Pivoting & Managing a Crisis:  Effective Business Continuity Plans

Posted by Mike Waight on Apr 20, 2020 2:53:05 PM

With the onset of the COVID-19 pandemic crisis that came upon us just a few short months ago, now more than ever, manufacturers need to develop and implement an effective business continuity plan if they have not already done so.  While many companies who are ISO9001:2015 registered are required to identify risks and opportunities, as well to develop a response plan and integrate the response into their quality management system; this level of planning is wholly inadequate to support their needs under our current situation.  This is because ISO9001 asks a company to identify “what they will do IF something happens”, but now companies need to have a comprehensive plan to manage the business through the crisis now that it HAS happened.

There is a vast number of resources available for download on the internet…. everything from blogs and articles to planning templates for developing a continuity plan, many of which are free.  The key is to identify the right information that best addresses each company’s unique situation.  For companies in the manufacturing sector however, there are certain key elements which should be considered the “minimum” items to address:

  • Emergency Management Leader
  • Emergency Management Team (with defined roles)
  • Team Processes & Procedures (including return to work policy)
  • Communication Plan (Internal, External, Key Contacts)
  • Employee Training
  • Evacuation Plan
  • Property Protection & Security (Facility shutdown, records preservation & building information)
  • Community Outreach Plan
  • Recovery & Restoration (Supply Chain, Logistics, Operations, Human Resources, Information Systems)
  • Implementation & Maintenance (Conduct drills, train employees, annual plan audit)

Many companies who have already developed a business continuity plan have likely already implemented many elements of the plan.  This includes facility security protocols, visitor policies, cleaning and decontamination practices, changes to HR policies, etc.  But now is the time to revisit the plan and place special emphasis on Recovery & Restoration.  For a manufacturer, there are four key areas in which to place special emphasis:

Supply Chain

Many companies have experienced supply chain disruptions during the COVID crisis for a variety of reasons.  Current supply chain partners may be capacity constrained or may be suffering financial hardship.  Key suppliers should be ranked for importance and those that comprise 80% of supplied material should be evaluated and communicated with to determine their current situation, as well as their capability to meet demand when orders pick back up.  Will suppliers be able to meet a sudden ramp up in demand?  Are they financially healthy?  Will they be able to meet lead time requirements?

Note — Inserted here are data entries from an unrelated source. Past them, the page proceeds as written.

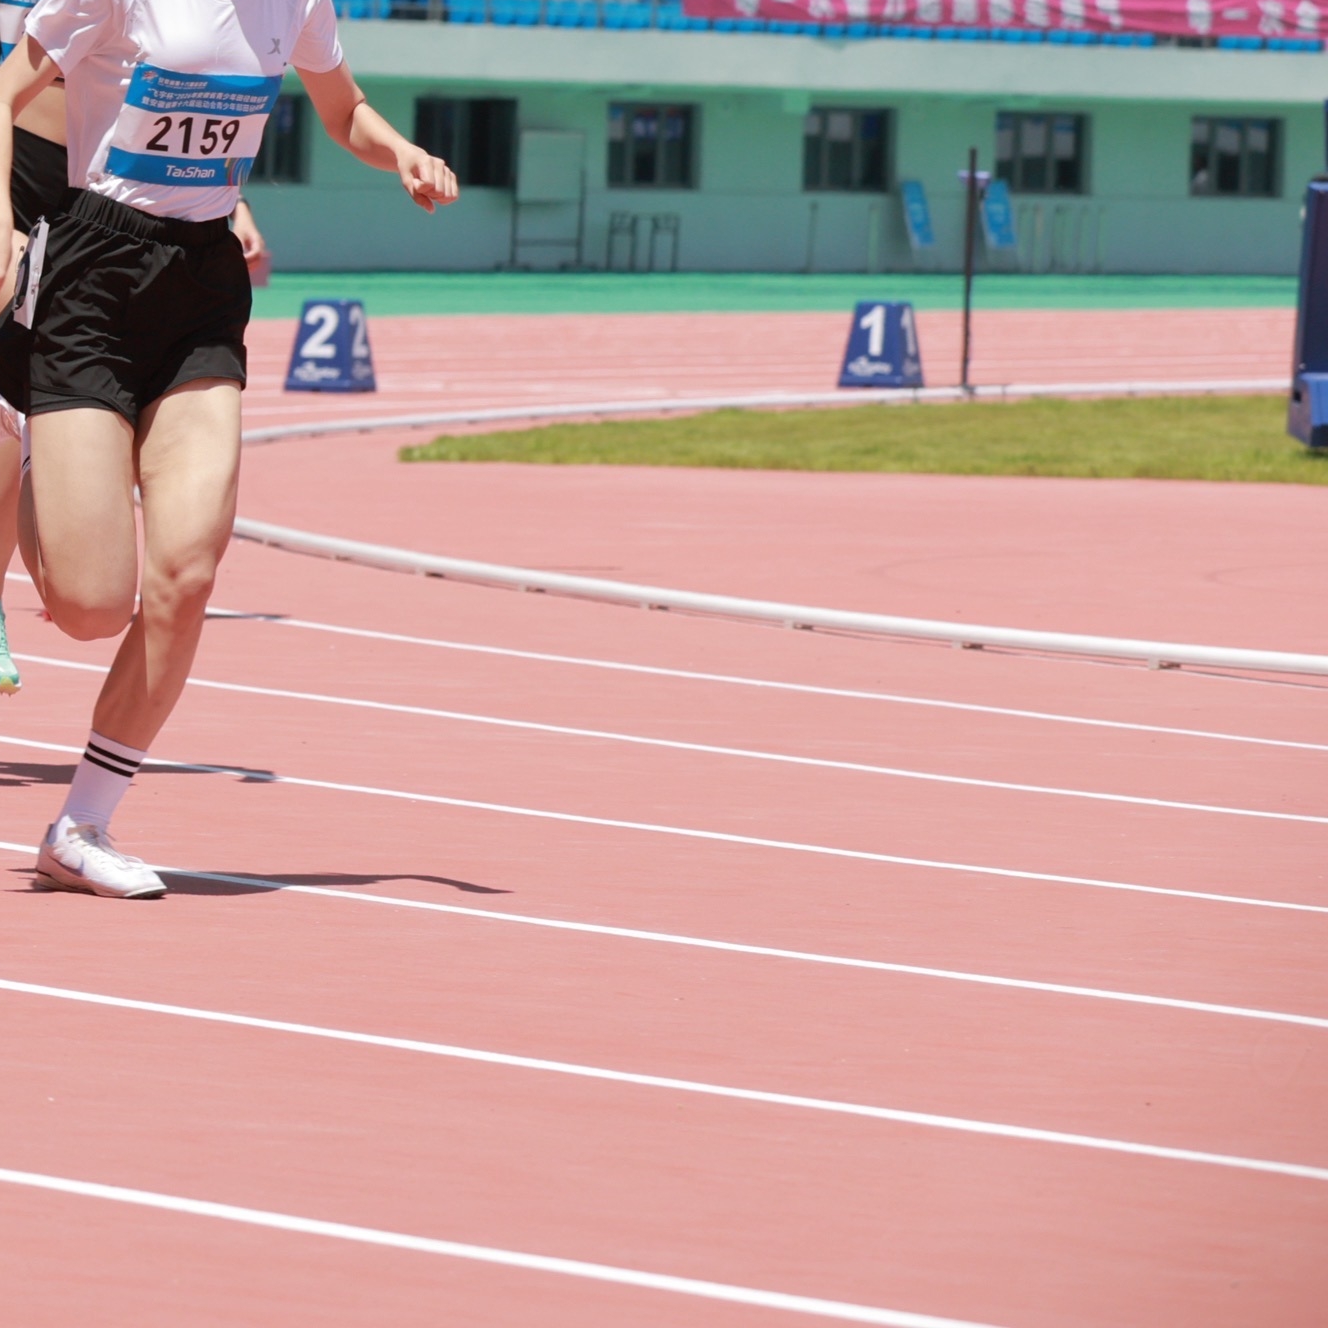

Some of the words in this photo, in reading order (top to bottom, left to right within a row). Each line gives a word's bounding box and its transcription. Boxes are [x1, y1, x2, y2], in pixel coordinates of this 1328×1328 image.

[145, 115, 240, 156] 2159
[165, 164, 216, 179] TaiShan
[299, 304, 340, 359] 2
[859, 304, 887, 357] 1
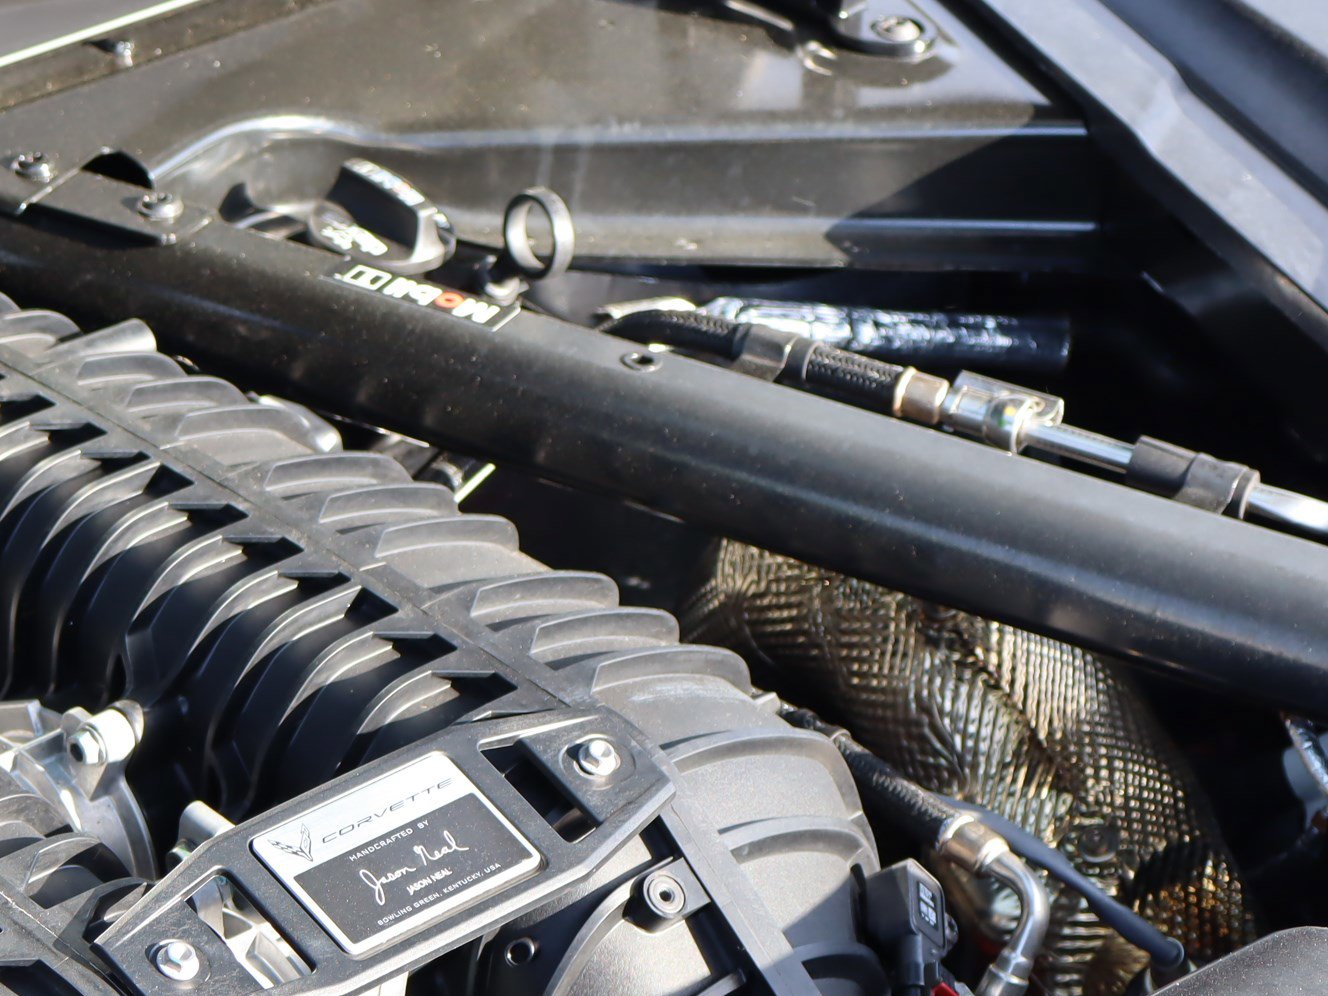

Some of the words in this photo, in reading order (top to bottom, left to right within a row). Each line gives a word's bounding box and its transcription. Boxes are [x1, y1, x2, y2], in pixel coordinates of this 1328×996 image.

[382, 276, 500, 324] Mobil
[322, 778, 452, 843] CORVETTE
[349, 828, 413, 862] HANDCRAFTED
[417, 819, 430, 830] BY
[377, 906, 412, 926] BOWLING
[413, 892, 443, 909] GREEN,
[442, 871, 484, 893] KENTUCKY,
[484, 862, 502, 874] USA
[406, 876, 433, 896] JASON
[431, 867, 453, 884] NEAL

Key customers may also be impacted negatively during the COVID crisis.  Like supply chain partners, they should be ranked for importance and those that comprise 80% of business should be evaluated and communicated with to understand expectations when demand picks back up.  Will shorter lead times be required?  What volume requirements do they anticipate?  Will there be changes to payment policy and / or the ability of the customer to pay?

Manufacturing Equipment

With regards to companies who may have shut down or scaled back operations during the COVID crisis, some or all of the key manufacturing equipment may need to undergo extensive preventative maintenance in order to safely restart the equipment without the risk of damage.  This could include oil / filter changes, lubrication, etc.  Analyze product mix to identify manufacturing equipment in which 80% of products are processed through, and conduct a thorough maintenance review.

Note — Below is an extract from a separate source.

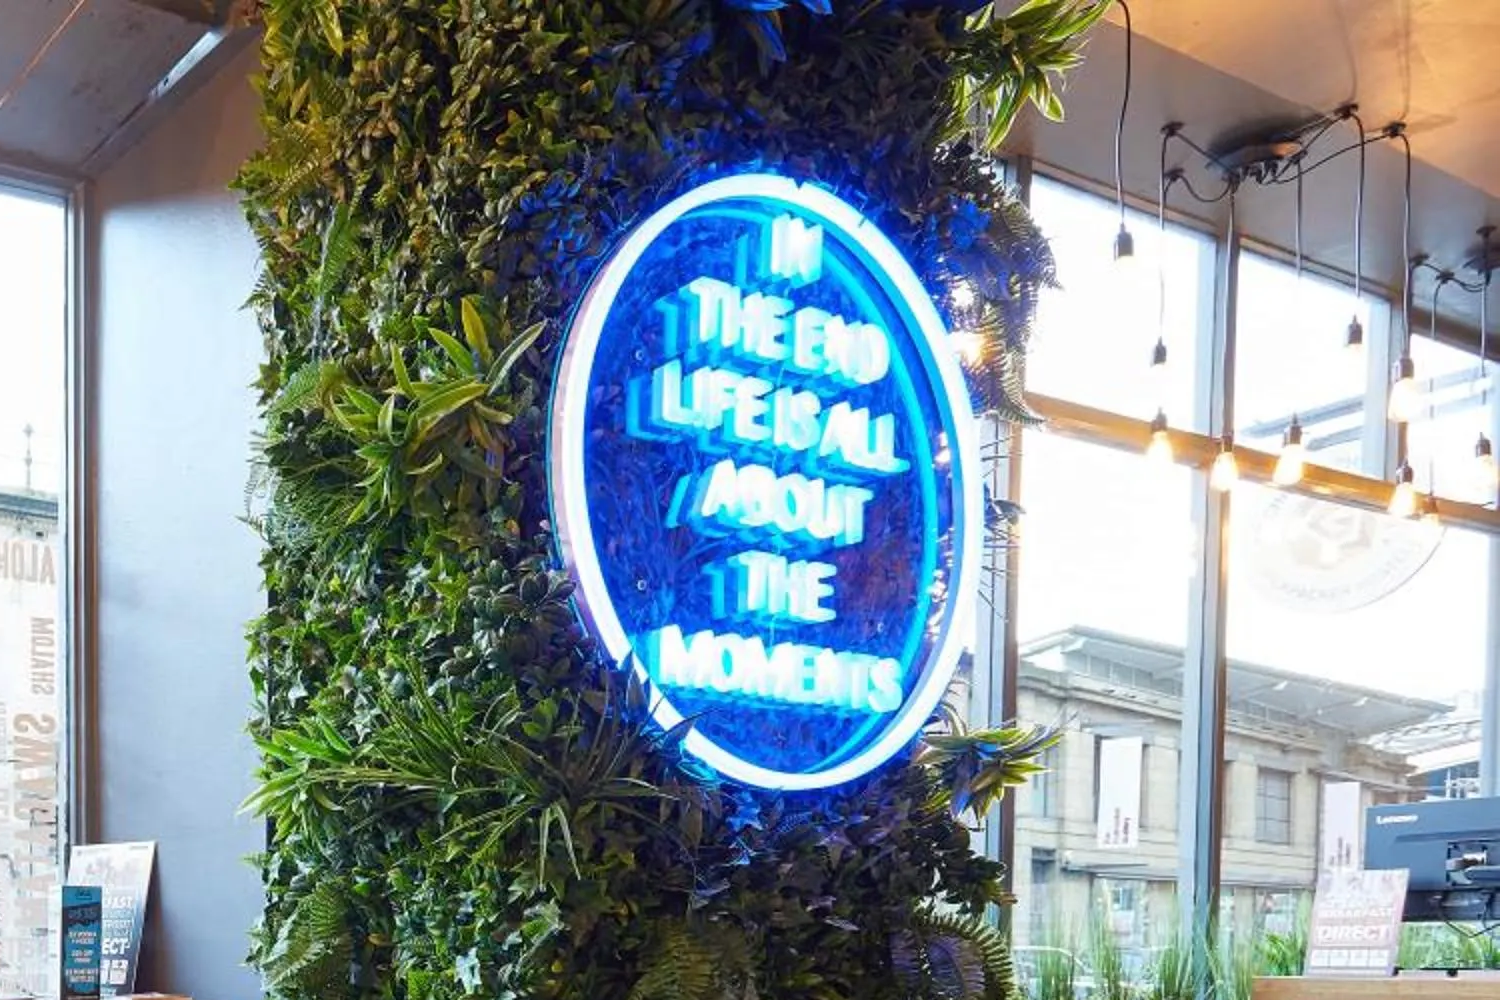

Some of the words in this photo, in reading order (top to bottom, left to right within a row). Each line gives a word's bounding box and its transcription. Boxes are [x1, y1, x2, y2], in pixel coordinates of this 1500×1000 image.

Obviously, employees are the most valuable resource a company has, which is why they are a key element of the business continuity plan.  Many companies have documented succession plans to plan for the replacement of key leadership team members when they transition out of the company, but a succession plan would not be adequate to plan and manage through a pandemic crisis like we are currently experiencing, since it typically only addresses the leadership team.  As a result of the COVID crisis, a manufacturer needs to evaluate its human resources from top management all the way down through shop floor employees.  If the business has been closed during the crisis, what key functions will be critical to restarting the company?  Which employees will return to work, and which ones have been lost?  Will it be necessary to re-train or cross-train employees to assure key business functions are adequately covered?  Where do we stand in terms of human resource capacity based on anticipated customer demand?  It will be important for companies to establish a baseline of current capacity and complete a gap analysis to identify key roles that will need to be filled.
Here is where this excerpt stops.